We also acknowledge some intrinsic limitations, particularly related to the use of a retrospective anonymous claims dataset. The dataset did not include clinical details, such as stage of DLBCL at diagnosis or disease progression, as data are primarily used for reimbursement purposes. Treatment lines were identified indirectly via the specified algorithm, as we could not confirm the refractory/relapsed status of patients. Formally, we cannot rule out the possibility of false diagnosis, although we implemented a conservative approach to only include patients with inpatient diagnoses or two confirmed consecutive outpatient specialist codes. Our analysis also does not differentiate between subtypes of DLBCL, such as primary central nervous system lymphoma or post-transplant lymphoproliferative disease, which may be captured under the same ICD-10-GM code as DLBCL. Regional bias may be present, as AOK PLUS only insures patients from two German states (Saxony/Thuringia). However, in accordance with the German legal framework, health service reimbursement rules are identical across Germany, and previous studies have found no major regional differences in health care structures between Saxony/Thuringia and other German states [27].

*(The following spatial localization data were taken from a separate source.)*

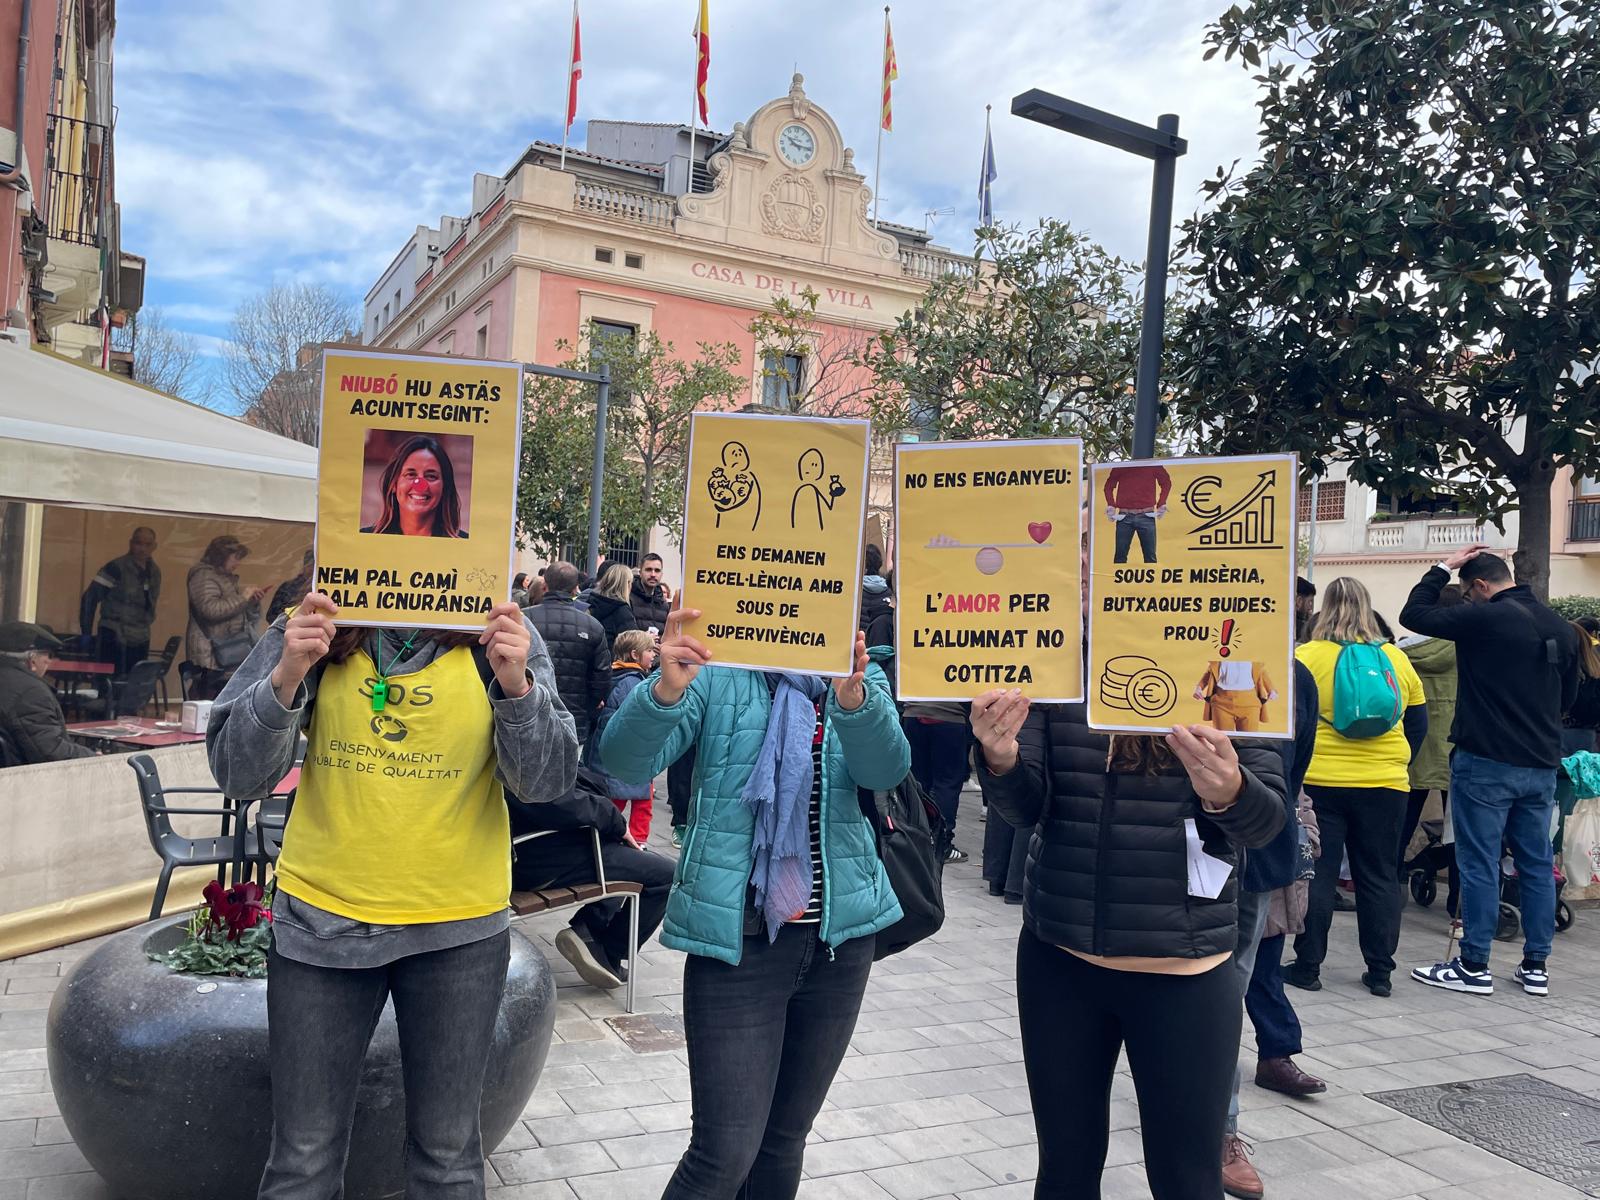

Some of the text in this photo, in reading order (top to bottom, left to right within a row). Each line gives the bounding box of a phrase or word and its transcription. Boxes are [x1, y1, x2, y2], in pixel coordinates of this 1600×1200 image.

[691, 262, 745, 286] CASA
[755, 274, 784, 293] DE
[826, 287, 873, 310] VILA
[341, 374, 501, 402] NIUBÓ HU ASTÄS
[350, 399, 490, 424] ACUNTSEGINT:
[905, 469, 1072, 489] NO ENS ENGANYEU:
[716, 544, 826, 566] ENS DEMANEN
[317, 566, 458, 591] NEM PAL CAMÌ
[1113, 564, 1265, 585] SOUS DE MISÈRIA,
[808, 578, 844, 595] AMB
[376, 590, 493, 614] ICNURÁNSIA
[736, 599, 800, 618] SOUS DE
[1008, 593, 1051, 613] PER
[1103, 597, 1276, 613] BUTXAQUES BUIDES:
[706, 623, 826, 648] SUPERVIVÈNCIA
[913, 628, 1065, 648] L'ALUMNAT NO
[944, 664, 1033, 684] COTITZA
[329, 739, 444, 764] ENSENYAMENT
[356, 761, 376, 774] DE
[382, 765, 462, 779] QUALITAT

A large number of treatment regimens were observed, and to protect patient anonymity, treatment categories were necessary to summarize the data. However, this subsequently led to loss of information. Additionally, detailed prescription data were only observed for treatments in the outpatient setting (outpatient only or inpatient/outpatient treatments). In the inpatient sector, chemotherapy treatments could be identified by OPS code, but the data did not contain information about the respective agents. Therefore, we could not ascertain the specific type of chemotherapy regimens received during inpatient treatment.

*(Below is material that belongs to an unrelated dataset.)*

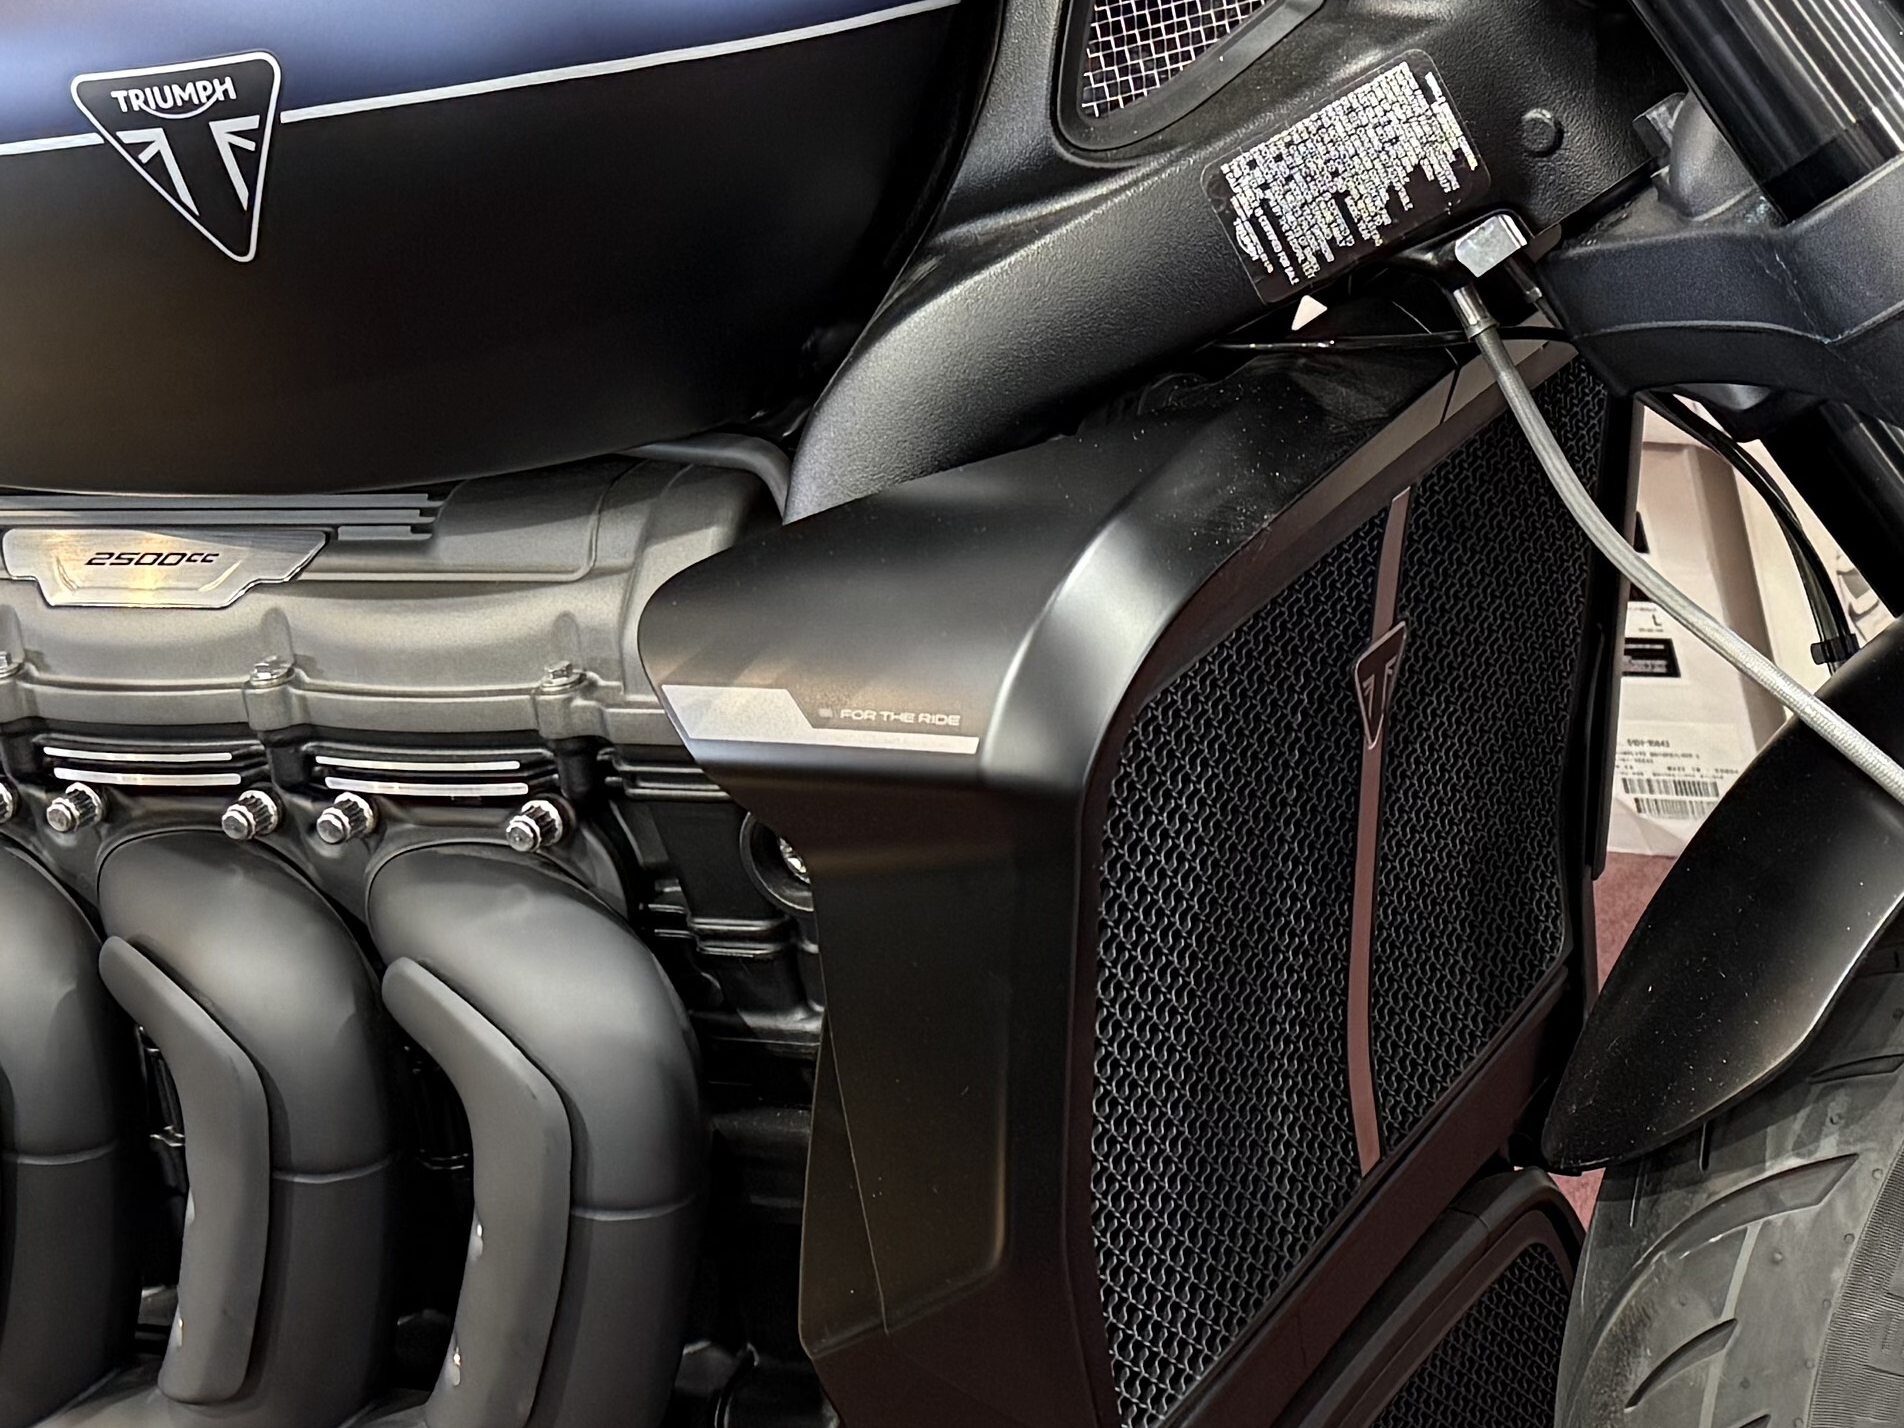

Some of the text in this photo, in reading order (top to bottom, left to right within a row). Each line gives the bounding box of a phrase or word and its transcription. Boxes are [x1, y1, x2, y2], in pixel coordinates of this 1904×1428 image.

[110, 74, 240, 119] TRIUMPH
[83, 547, 220, 569] 2500cc
[840, 708, 962, 727] FOR THE RIDE

Our study also does not reflect all potential medical interventions applied to patients, such as participation in clinical trials which do not qualify for medical claims. Finally, due to the long study period, innovative therapies from recent years may be underrepresented compared to treatments that have been established for a longer time.

Conclusion

Despite advances in the field, high unmet medical need in DLBCL remains. A large proportion of patients do not receive systemic treatment for DLBCL and subsequently have exceptionally poor survival outcomes. Patient mortality over the course of the analysis was high, even among treated patients. Approximately 25% of patients died within 6 months of start of therapy, independent of treatment line, highlighting the aggressive disease course despite currently available treatment options. Additionally, rapid progression between lines of therapies was observed among refractory/relapsed patients, with approximately 50% of patients receiving at least a second line within 1 year after diagnosis.

The treatment landscape is very heterogeneous, particularly in second- or later-line treatments, with few patients receiving potentially curative treatment beyond the first line. SCT or CAR-T was performed for only one quarter of refractory/relapsed patients, and the number of observations of CAR-T was especially limited. In later-line treatments, a larger proportion of non-chemotherapy regimens and newer treatment options was observed. Treatment for DLBCL, particularly for transplant-ineligible patients, remains a challenge for medical practitioners. However, the treatment landscape in DLBCL is evolving quickly, and our study provides timely insights into the current state of DLBCL management and patient outcomes. It can help to identify areas that need further exploration in DLBCL treatment strategies. As the field continues to advance, it will be interesting to observe how novel therapies such as CAR-T cells or bispecific antibodies will impact clinical practice in DLBCL in the coming years.